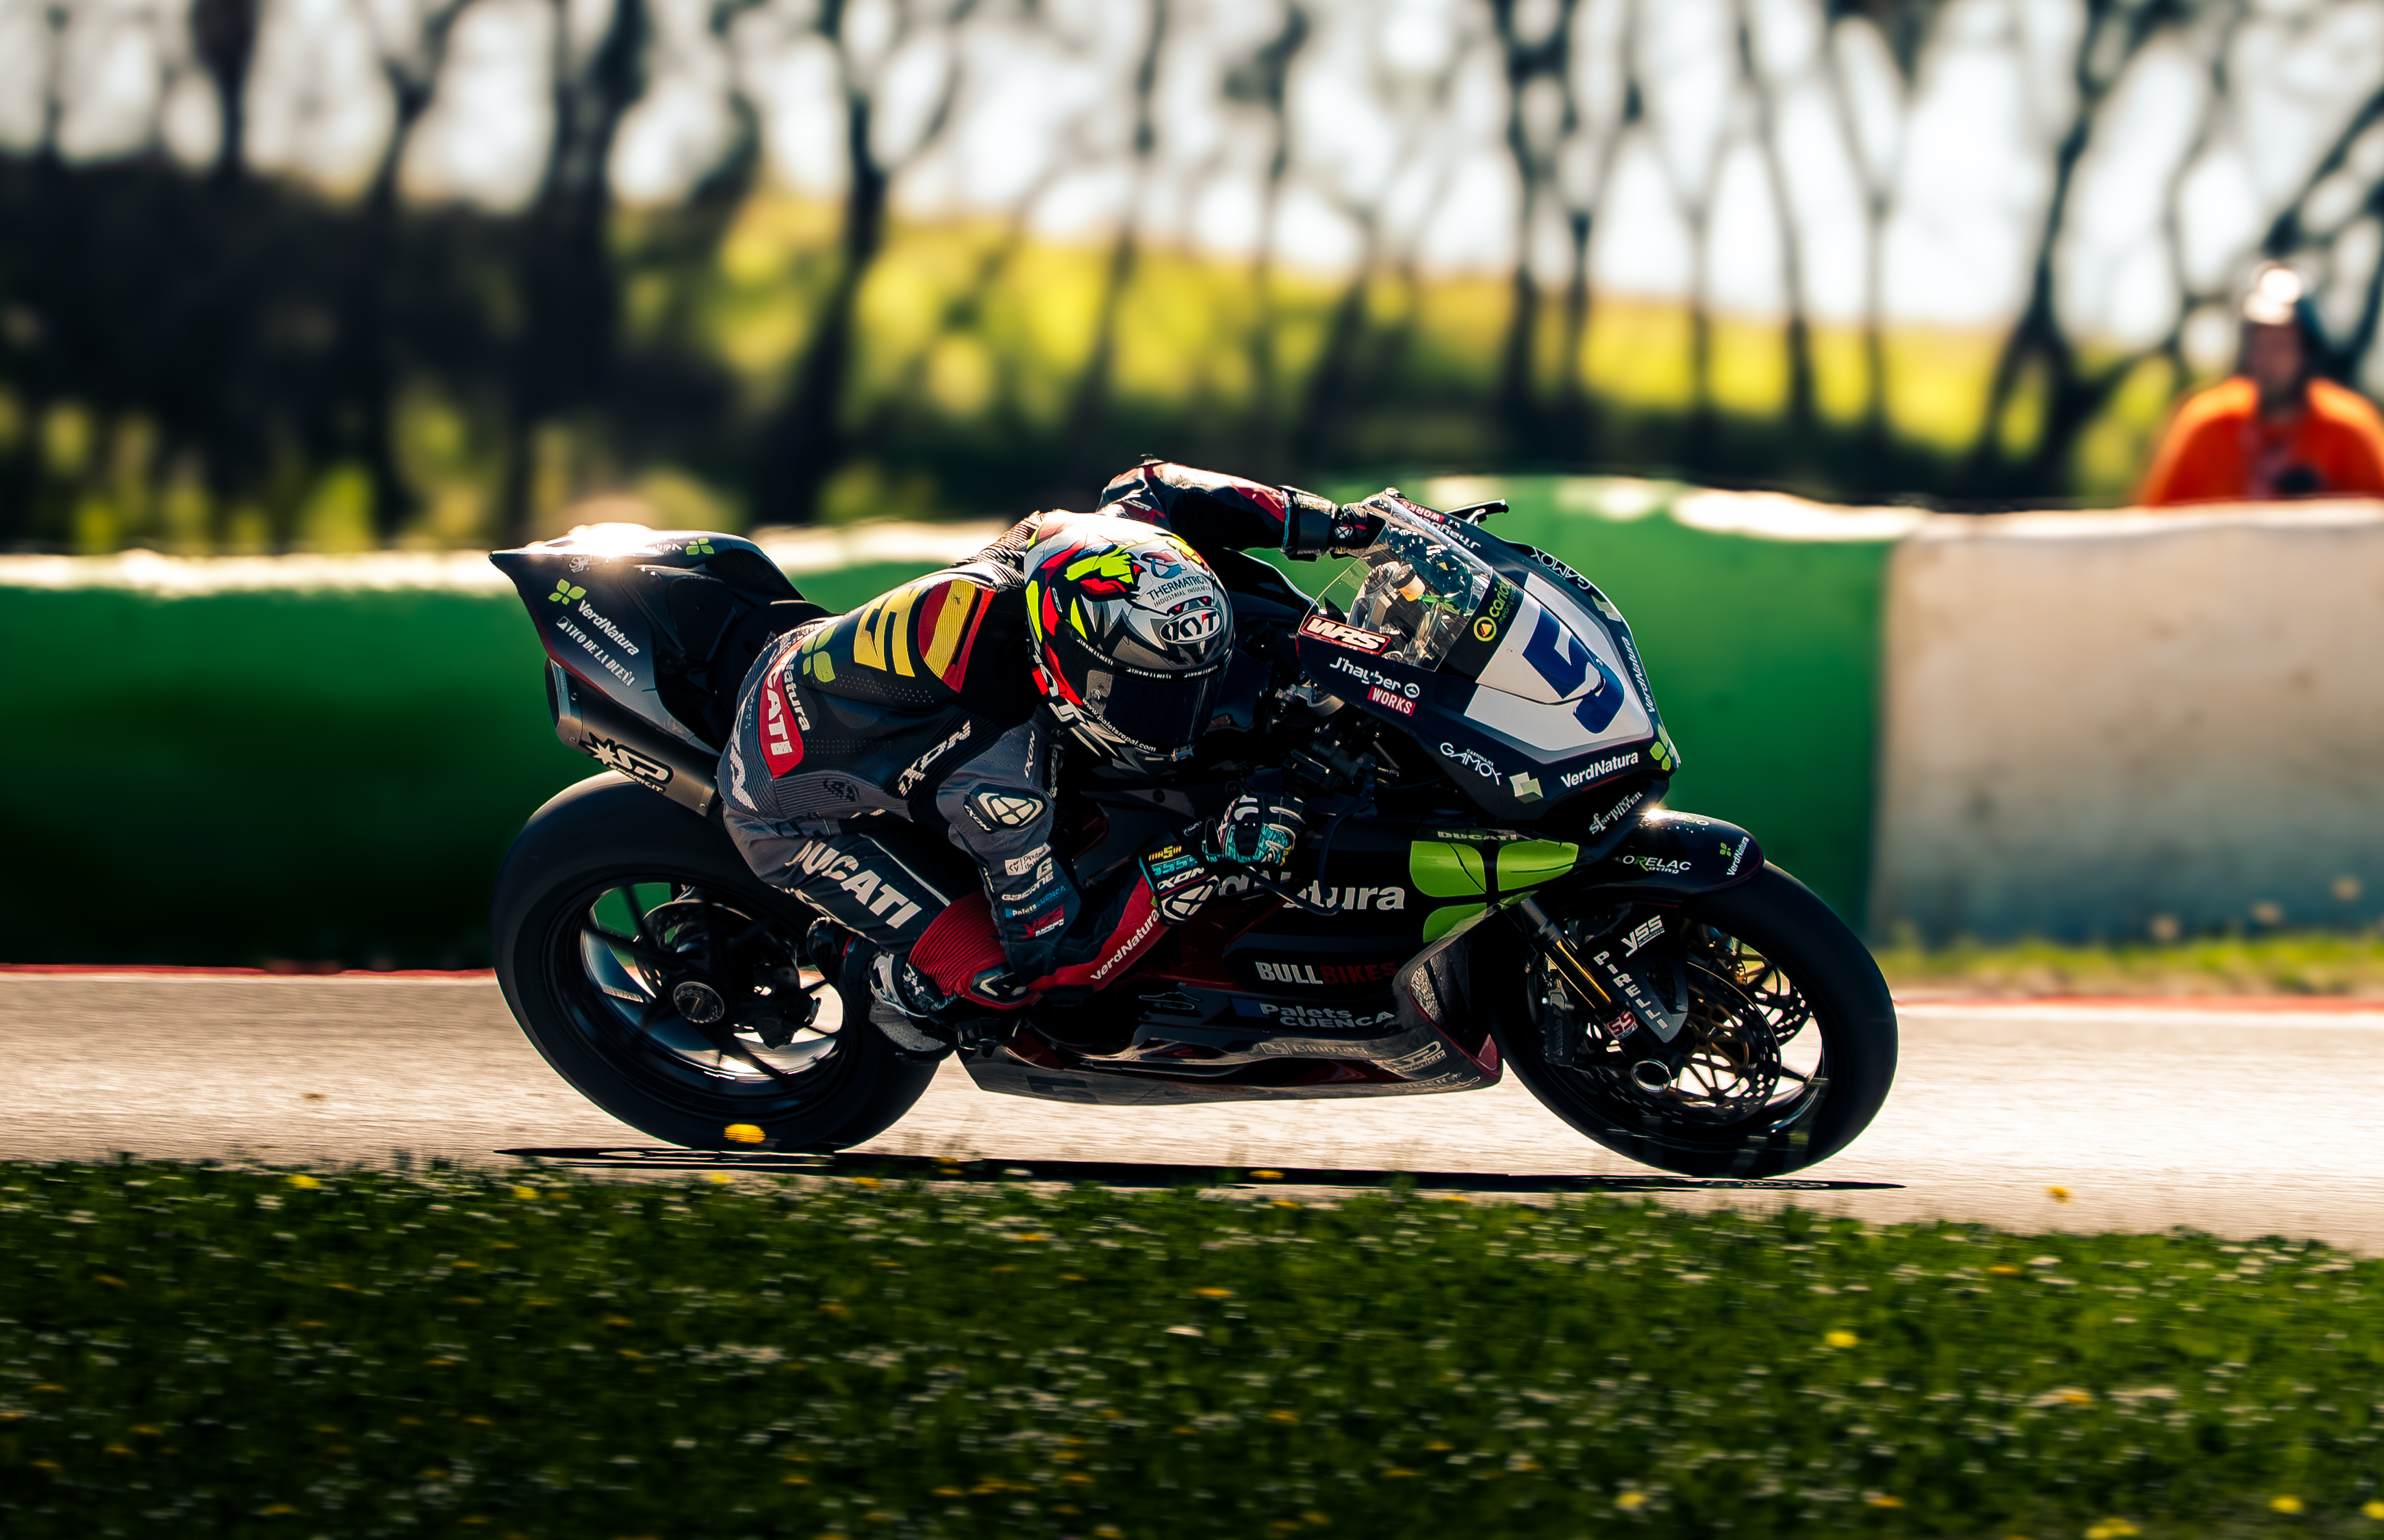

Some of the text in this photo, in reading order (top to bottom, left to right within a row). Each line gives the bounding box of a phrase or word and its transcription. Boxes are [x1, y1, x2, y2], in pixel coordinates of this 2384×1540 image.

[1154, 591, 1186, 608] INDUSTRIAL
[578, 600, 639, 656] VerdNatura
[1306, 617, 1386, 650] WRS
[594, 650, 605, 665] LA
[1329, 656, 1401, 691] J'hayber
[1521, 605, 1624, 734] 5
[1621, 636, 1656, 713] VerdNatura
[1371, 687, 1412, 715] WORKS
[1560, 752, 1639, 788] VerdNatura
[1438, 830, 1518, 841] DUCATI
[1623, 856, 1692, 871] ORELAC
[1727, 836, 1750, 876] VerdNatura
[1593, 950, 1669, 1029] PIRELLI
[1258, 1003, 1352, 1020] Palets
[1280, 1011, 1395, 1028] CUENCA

━━━━━━━━━━━━━━━━

> **Problem to work on**:
Print out each record exactly as shown, but keep the pictures out.

> **Result for this exercise**:
Some of the text in this photo, in reading order (top to bottom, left to right within a row). Each line gives the bounding box of a phrase or word and its transcription. Boxes are [x1, y1, x2, y2], in pixel coordinates of this 2384×1540 image.

[1154, 591, 1186, 608] INDUSTRIAL
[578, 600, 639, 656] VerdNatura
[1306, 617, 1386, 650] WRS
[594, 650, 605, 665] LA
[1329, 656, 1401, 691] J'hayber
[1521, 605, 1624, 734] 5
[1621, 636, 1656, 713] VerdNatura
[1371, 687, 1412, 715] WORKS
[1560, 752, 1639, 788] VerdNatura
[1438, 830, 1518, 841] DUCATI
[1623, 856, 1692, 871] ORELAC
[1727, 836, 1750, 876] VerdNatura
[1593, 950, 1669, 1029] PIRELLI
[1258, 1003, 1352, 1020] Palets
[1280, 1011, 1395, 1028] CUENCA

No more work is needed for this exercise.